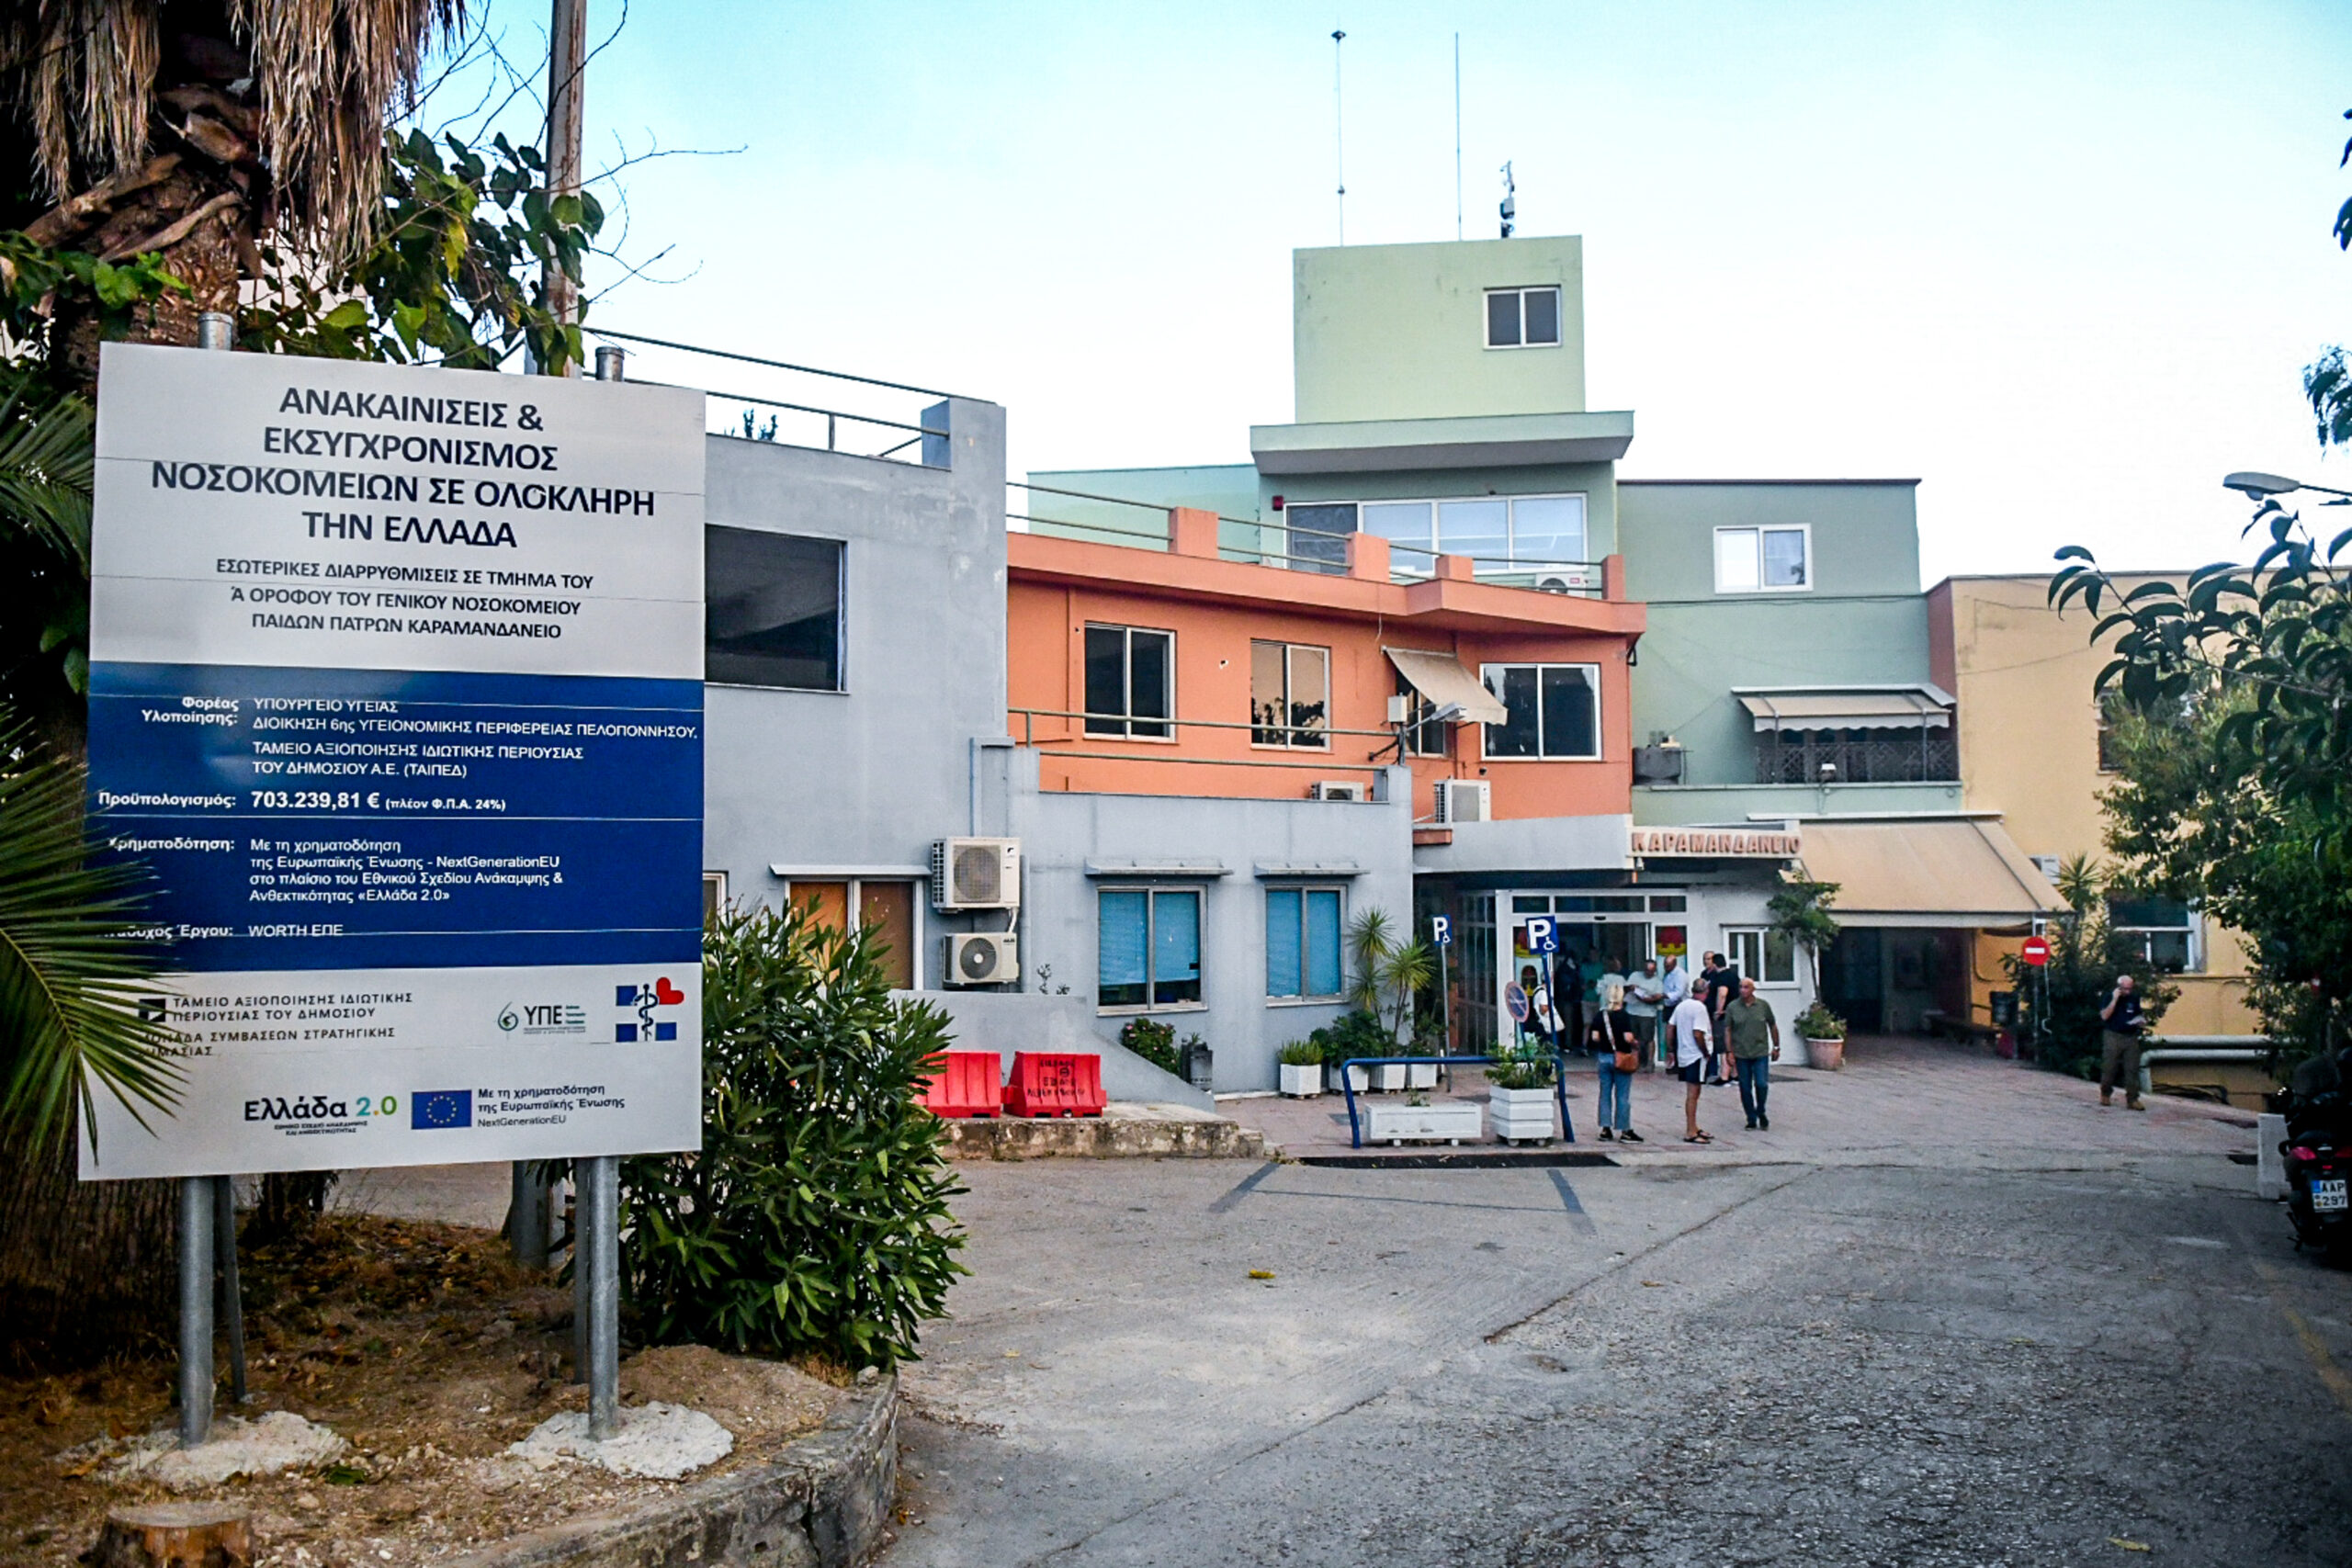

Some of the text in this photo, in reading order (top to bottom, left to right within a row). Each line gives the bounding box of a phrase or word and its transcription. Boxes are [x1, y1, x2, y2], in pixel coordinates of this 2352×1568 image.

[278, 387, 544, 432] ΑΝΑΚΑΙΝΙΣΕΙΣ &
[264, 426, 558, 471] ΕΚΣΥΓΧΡΟΝΙΣΜΟΣ
[152, 461, 654, 515] ΝΟΣΟΚΟΜΕΙΩΝ ΣΕ ΟΛΟΚΛΗΡΗ
[301, 511, 517, 547] ΤΗΝ ΕΛΛΑΔΑ
[216, 558, 594, 589] ΕΣΩΤΕΡΙΚΕΣ ΔΙΑΡΡΥΘΜΙΣΕΙΣ ΣΕ ΤΜΗΜΑ ΤΟΥ
[249, 588, 332, 605] ΟΡΟΦΟΥ
[336, 592, 371, 606] ΤΟΥ
[377, 593, 447, 610] ΓΕΝΙΚΟΥ
[452, 597, 582, 615] ΝΟΣΟΚΟΜΕΙΟΥ
[252, 613, 561, 638] ΠΑΙΔΩΝ ΠΑΤΡΩΝ ΚΑΡΑΜΑΝΔΑΝΕΙΟ
[182, 696, 239, 712] Φορέας
[254, 698, 399, 713] ΥΠΟΥΡΓΕΙΟ ΥΓΕΙΑΣ
[141, 709, 238, 727] Υλοποίησης:
[253, 716, 698, 739] ΔΙΟΙΚΗΣΗ 6ης ΥΓΕΙΟΝΟΜΙΚΗΣ ΠΕΡΙΦΕΡΕΙΑΣ ΠΕΛΟΠΟΝΝΗΣΟΥ.
[252, 741, 583, 760] ΤΑΜΕΙΟ ΑΞΙΟΠΟΙΗΣΗΣ ΙΔΙΩΤΙΚΗΣ ΠΕΡΙΟΥΣΙΑΣ
[252, 761, 468, 778] ΤΟΥ ΔΗΜΟΣΙΟΥ Α.Ε. (ΤΑΙΠΕΔ)
[251, 791, 506, 811] 703.239,81 € (πλέον Φ.Π.Α. 24%)
[250, 839, 401, 854] Με τη χρηματοδότηση
[1631, 831, 1802, 854] ΚΑΡΑΜΑΝΔΑΝΕΙΟ
[250, 858, 274, 871] της
[277, 856, 364, 871] Ευρωπαϊκής
[367, 856, 424, 871] Ένωσης
[436, 855, 560, 868] NextGenerationEU
[249, 872, 564, 886] στο πλαίσιο του Εθνικού Σχεδίου Ανάκαμψης &
[249, 888, 450, 904] Ανθεκτικότητας «Ελλάδα 2.0»
[248, 924, 344, 938] WORTH ΕΠΕ
[1433, 917, 1449, 942] P
[1527, 919, 1552, 949] P
[173, 992, 413, 1008] ΤΑΜΕΙΟ ΑΞΙΟΠΟΙΗΣΗΣ ΙΔΙΩΤΙΚΗΣ
[173, 1008, 376, 1021] ΠΕΡΙΟΥΣΙΑΣ ΤΟΥ ΔΗΜΟΣΙΟΥ
[524, 1005, 562, 1026] ΥΠΕ
[209, 1030, 298, 1043] ΣΥΜΒΑΣΕΩΝ
[303, 1027, 396, 1041] ΣΤΡΑΤΗΓΙΚΗΣ
[478, 1085, 605, 1100] Με τη χρηματοδότηση
[244, 1095, 398, 1122] Ελλάδα 2.0
[478, 1098, 626, 1114] της Ευρωπαϊκής Ένωσης
[478, 1115, 567, 1128] NextGenerationEU
[2322, 1195, 2346, 1206] 297

____________________

→ WORK INSTRUCTIONS:
From the listing above, copy every line that includes the word "Ελλάδα".

→ ANSWER FOR THE TASK:
[249, 888, 450, 904] Ανθεκτικότητας «Ελλάδα 2.0»
[244, 1095, 398, 1122] Ελλάδα 2.0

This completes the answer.